Now imagine he says something which is factually correct. If you say you agree, are you expected to provide references why? I don't think so.
---
BTW, on a site which is a more technical alternative to HN, there was recently a post about strange behavior of HN votes. Other people posted their experience with downvotes here and they mirrored mine - organic looking (i.e. gradual) upvotes, then within minutes of each other several downvotes. It could be coincidence but me and others suspect voting rings evading detection.
I also posted a link to my previous comment as an experiment - if people disagree, they are more likely to also downvote that one. But I did not see any change there so I suspect it might be bots (which are unlikely to be instructed to also click through and downvote there). Note sample size is 1 here, for now.

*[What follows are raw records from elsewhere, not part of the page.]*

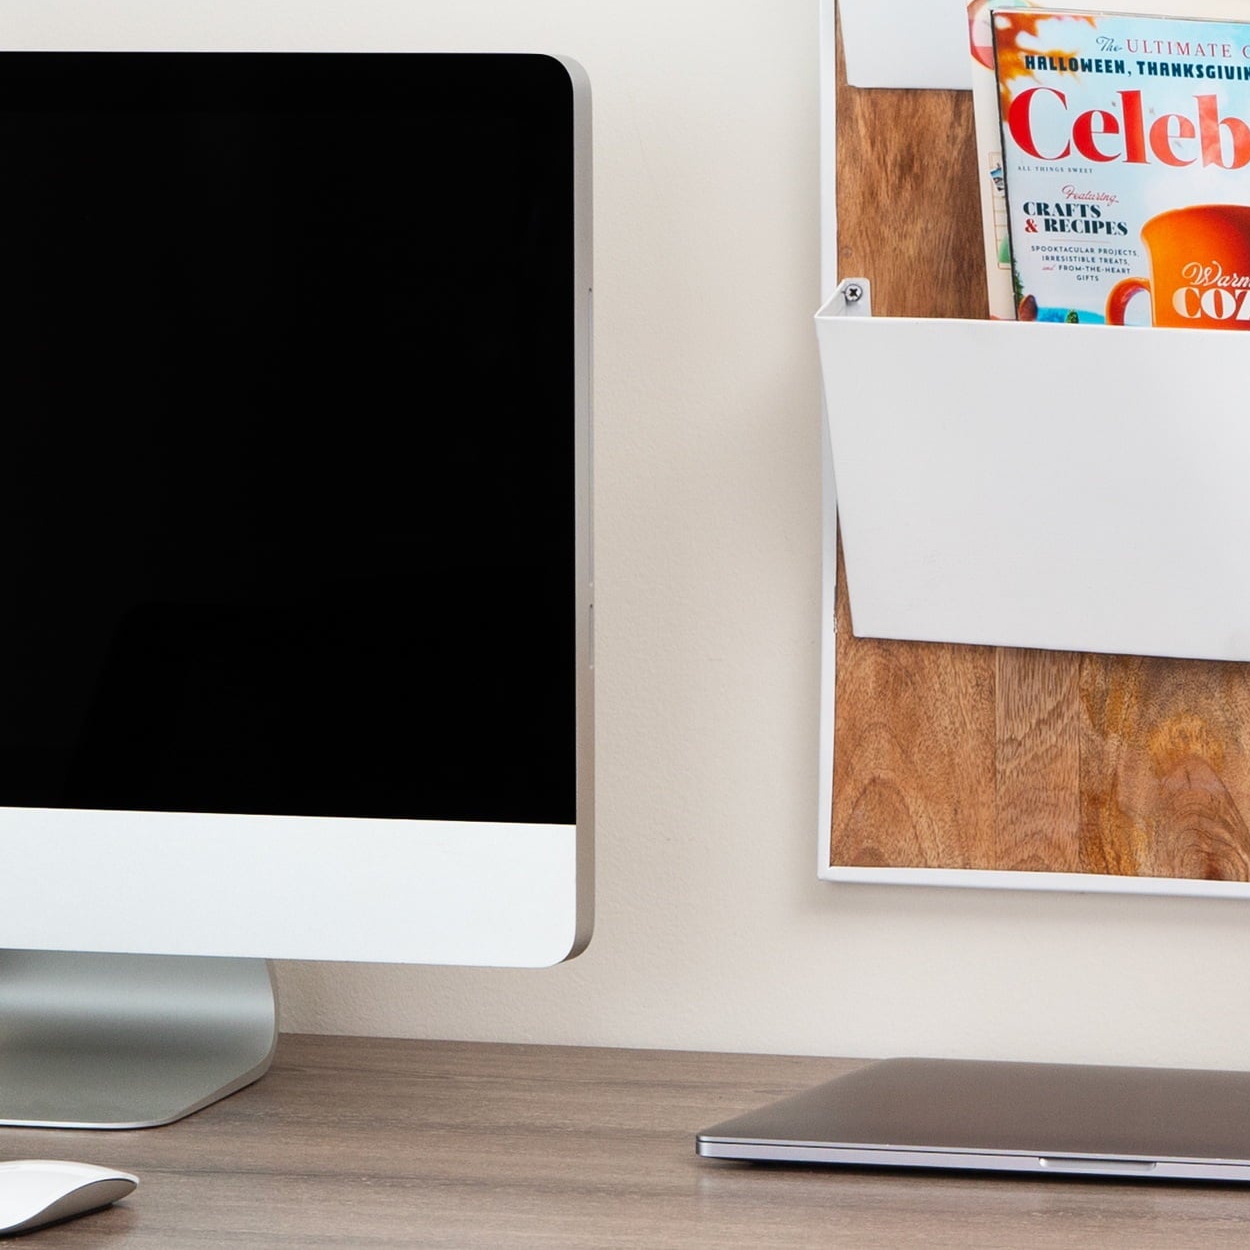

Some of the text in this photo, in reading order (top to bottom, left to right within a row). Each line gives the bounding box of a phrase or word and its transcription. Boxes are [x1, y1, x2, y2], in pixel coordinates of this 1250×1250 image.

[1095, 36, 1123, 52] The
[1126, 39, 1233, 58] ULTIMATE
[1024, 54, 1132, 77] HALLOWEEN,
[1061, 184, 1119, 206] Featuring
[1023, 201, 1102, 218] CRAFTS
[1025, 218, 1128, 236] & RECIPES
[1031, 245, 1095, 254] SPOOKTACULAR
[1042, 255, 1096, 263] IRRESISTIBLE
[1058, 264, 1131, 274] FROM-THE-HEART
[1076, 274, 1099, 282] GIFTS
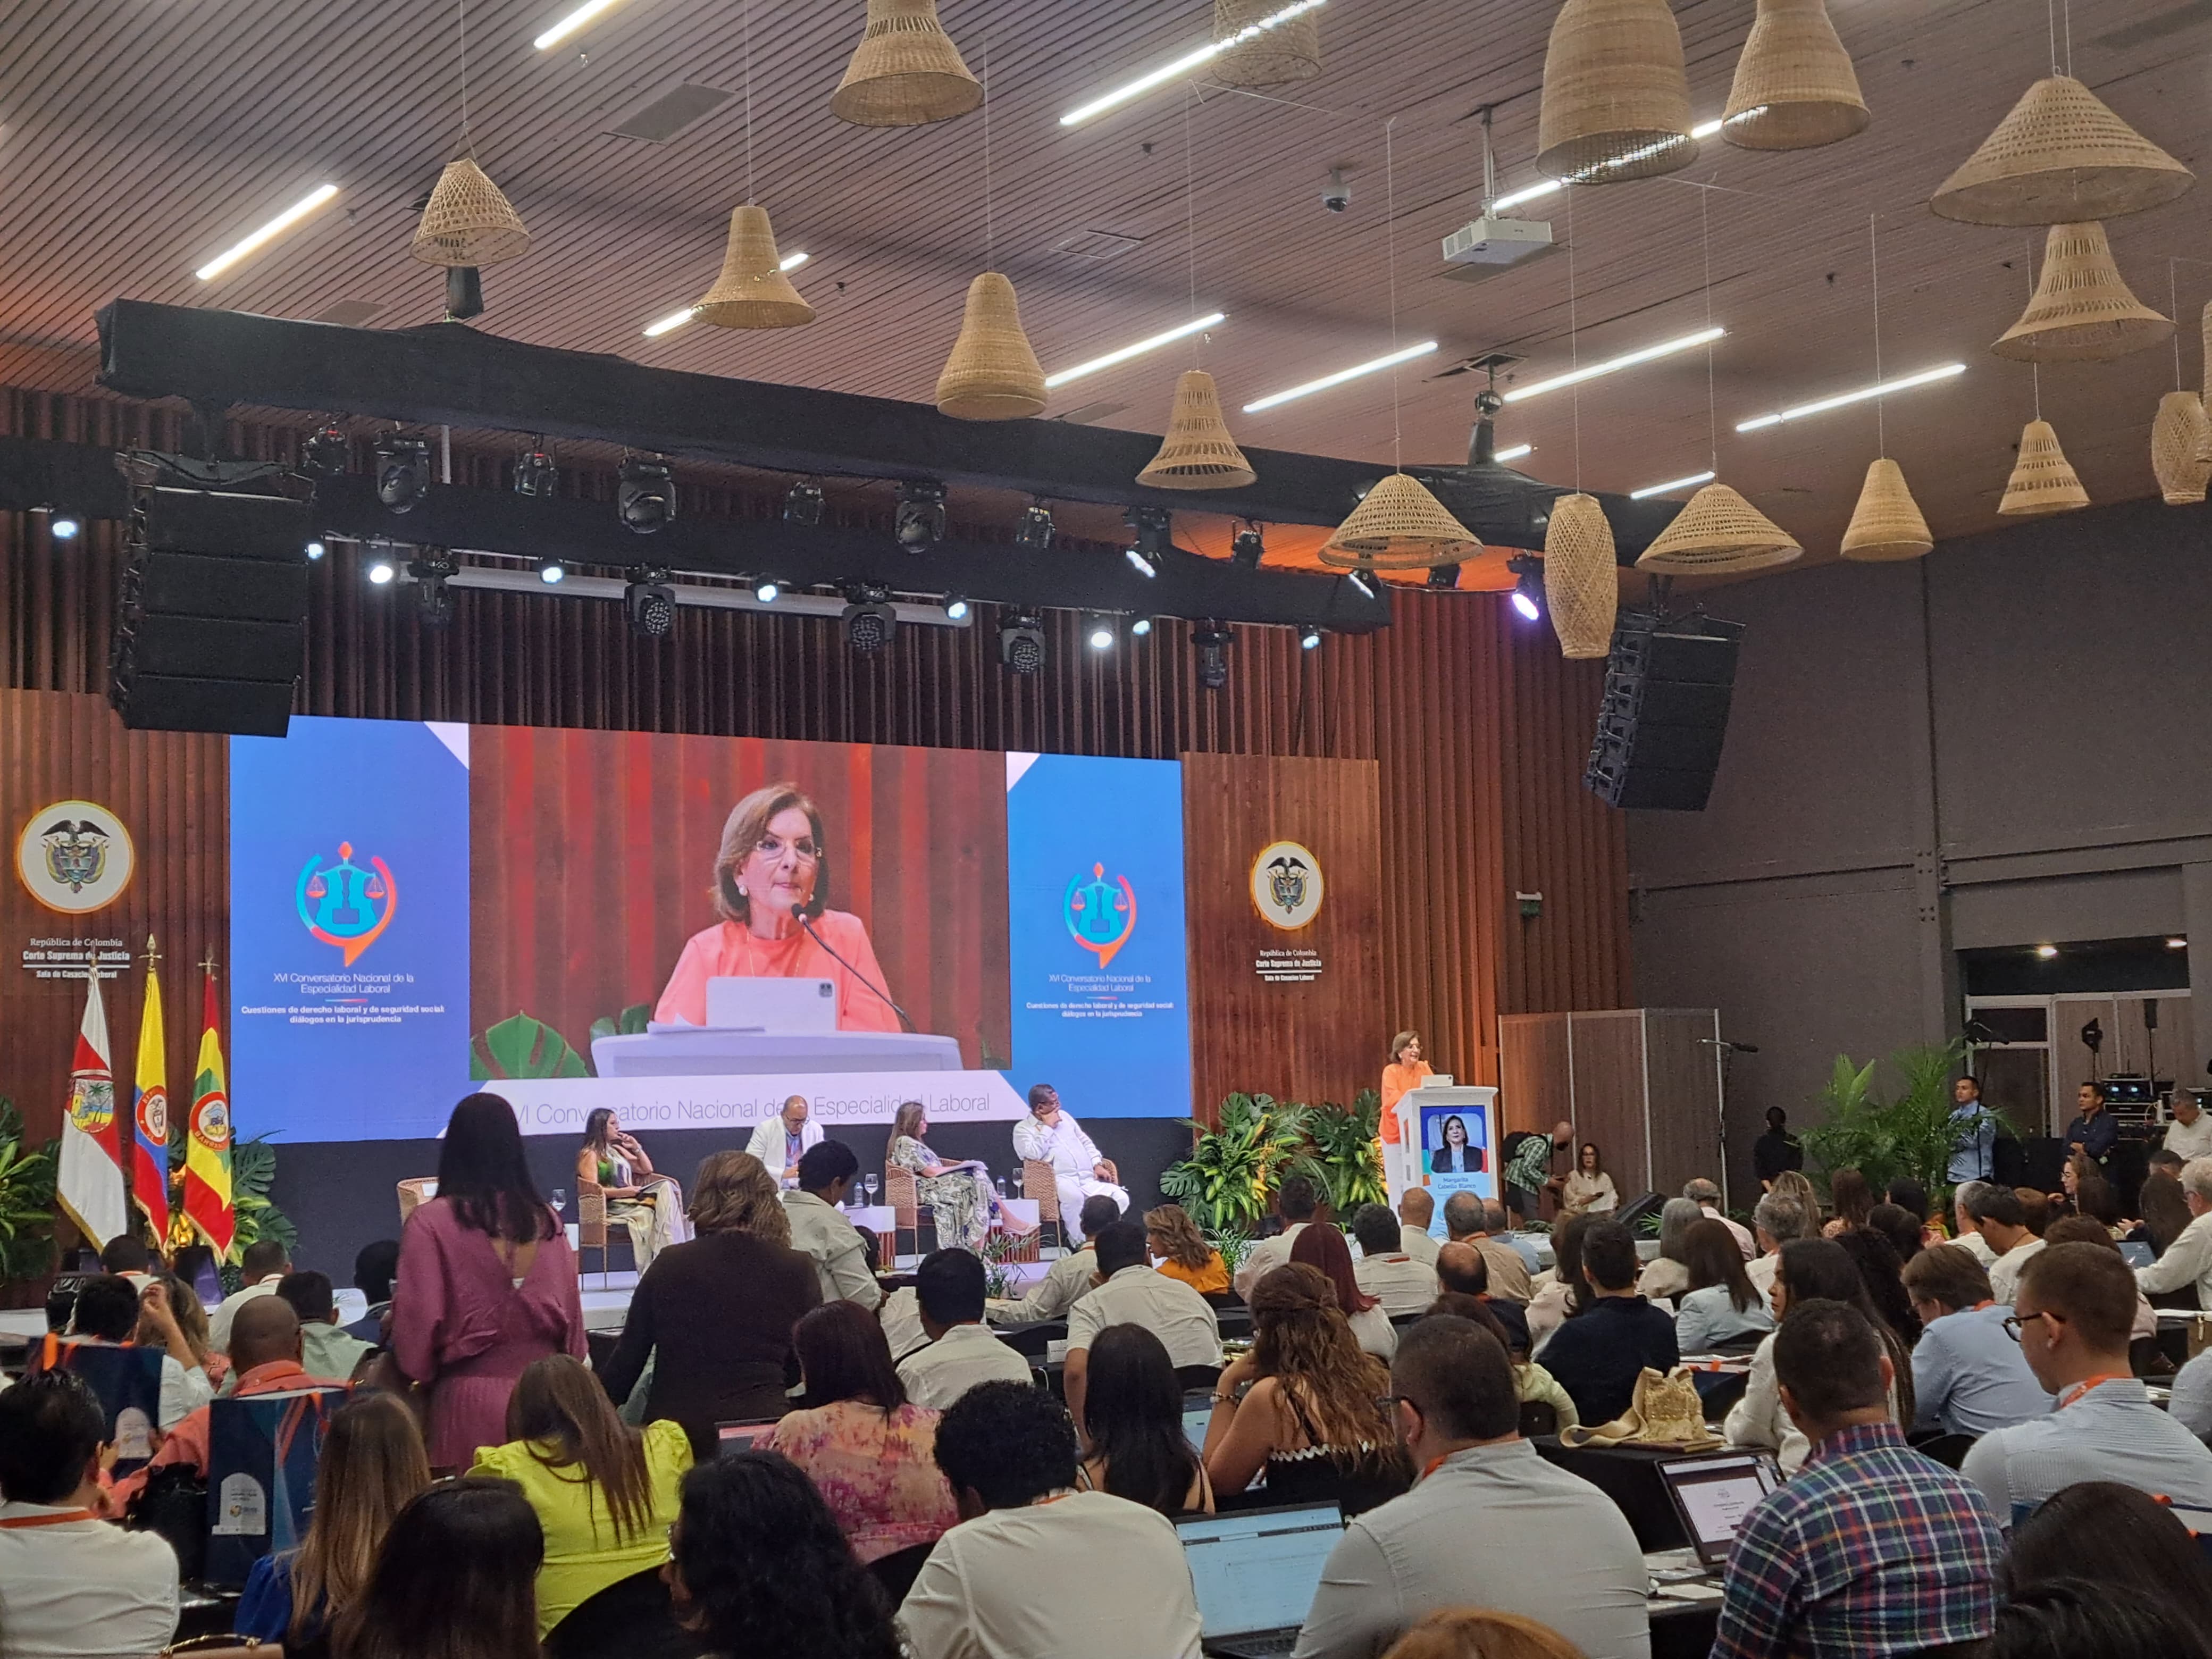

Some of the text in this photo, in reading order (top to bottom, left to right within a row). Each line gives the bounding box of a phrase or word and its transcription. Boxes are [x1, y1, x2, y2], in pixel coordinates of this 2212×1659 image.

Maybe if you constructed your argument in terms of the relevant statutes for your jurisdiction, like an actual copyright attorney does, HN might be more receptive to it?
I argue primarily about morality (right and wrong), not legality. The argument is valid morally, if LLM companies found a loophole ion the law, it should be closed.
You literally wrote "it would be interesting to get it into the courtrooms". A court won't give a hoot about your opinions on morality.
1) I appreciate that you differentiate between legality and morality, many people sadly don't.
2) re "hoot": You can say "fuck" here. You've been rudely dismissive twice now, yet you use a veil of politeness. I prefer when people don't hide their displeasure at me.
3) If you think I am wrong, you can say so instead of downvoting, it'll be more productive.
4) If you want me to expend effort on looking up statutes, you can say so instead of downvoting, it'll be more productive.
5) The law can be changed. If a well-reasoned argument is presented publicly, such as in a court room, and the general agreement is that the argument should apply but the court has to reject is because of poorly designed laws, that's a good impetus for changing it.